Assignment -
Repeat the records exactly. Leave out the pictures.

[Collected data entries]
★ ★ ★ ★ ★ ★ ★

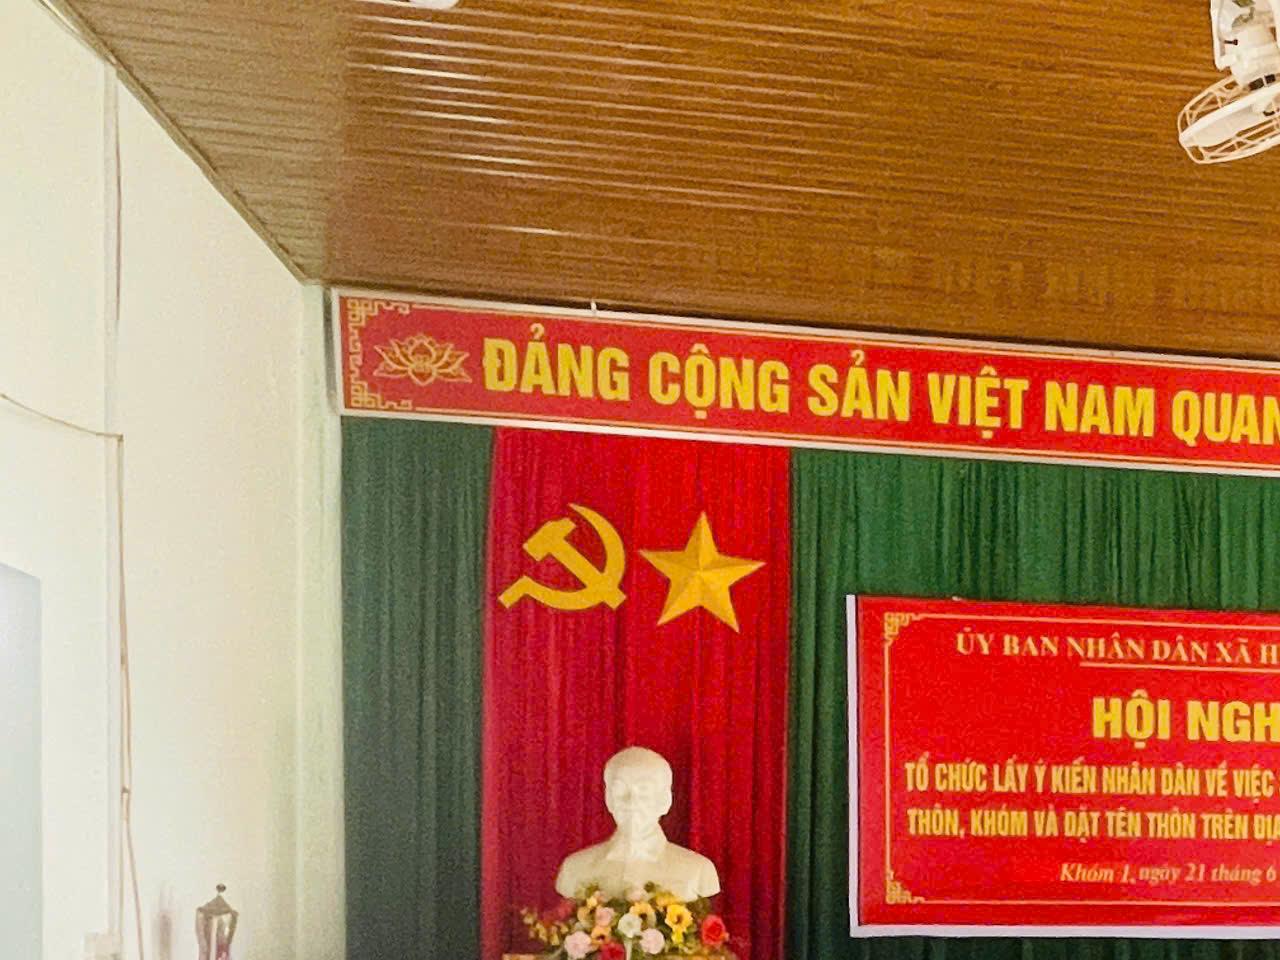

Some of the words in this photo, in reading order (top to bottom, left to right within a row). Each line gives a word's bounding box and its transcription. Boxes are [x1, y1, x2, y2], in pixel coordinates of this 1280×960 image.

[482, 322, 631, 401] ĐẢNG
[649, 343, 790, 420] CỘNG
[807, 349, 911, 422] SẢN
[927, 365, 1030, 440] VIỆT
[1045, 380, 1156, 438] NAM
[956, 627, 995, 656] ỦY
[1003, 634, 1059, 658] BAN
[1066, 632, 1146, 660] NHÂN
[1152, 634, 1208, 663] DÂN
[1216, 637, 1251, 665] XÃ
[1092, 688, 1171, 750] HỘI
[904, 751, 931, 793] TỔ
[934, 757, 989, 793] CHỨC
[993, 754, 1030, 794] LẤY
[1033, 758, 1048, 794] Ý
[1051, 756, 1098, 795] KIẾN
[1102, 760, 1157, 796] NHÂN
[1160, 761, 1201, 797] DÂN
[1204, 759, 1228, 798] VỀ
[1233, 763, 1276, 804] VIỆC
[907, 802, 966, 839] THÔN,
[971, 802, 1029, 838] KHÓM
[1033, 802, 1060, 838] VÀ
[1105, 805, 1143, 839] TÊN
[1147, 805, 1197, 840] THÔN
[1201, 807, 1249, 841] TRÊN
[1060, 862, 1115, 883] Khóm
[1138, 865, 1183, 886] ngày
[1184, 862, 1207, 883] 21
[1210, 863, 1264, 887] tháng
[1265, 865, 1277, 883] 6

★ ★ ★ ★ ★ ★ ★

Exercise result -
Some of the words in this photo, in reading order (top to bottom, left to right within a row). Each line gives a word's bounding box and its transcription. Boxes are [x1, y1, x2, y2], in pixel coordinates of this 1280×960 image.

[482, 322, 631, 401] ĐẢNG
[649, 343, 790, 420] CỘNG
[807, 349, 911, 422] SẢN
[927, 365, 1030, 440] VIỆT
[1045, 380, 1156, 438] NAM
[956, 627, 995, 656] ỦY
[1003, 634, 1059, 658] BAN
[1066, 632, 1146, 660] NHÂN
[1152, 634, 1208, 663] DÂN
[1216, 637, 1251, 665] XÃ
[1092, 688, 1171, 750] HỘI
[904, 751, 931, 793] TỔ
[934, 757, 989, 793] CHỨC
[993, 754, 1030, 794] LẤY
[1033, 758, 1048, 794] Ý
[1051, 756, 1098, 795] KIẾN
[1102, 760, 1157, 796] NHÂN
[1160, 761, 1201, 797] DÂN
[1204, 759, 1228, 798] VỀ
[1233, 763, 1276, 804] VIỆC
[907, 802, 966, 839] THÔN,
[971, 802, 1029, 838] KHÓM
[1033, 802, 1060, 838] VÀ
[1105, 805, 1143, 839] TÊN
[1147, 805, 1197, 840] THÔN
[1201, 807, 1249, 841] TRÊN
[1060, 862, 1115, 883] Khóm
[1138, 865, 1183, 886] ngày
[1184, 862, 1207, 883] 21
[1210, 863, 1264, 887] tháng
[1265, 865, 1277, 883] 6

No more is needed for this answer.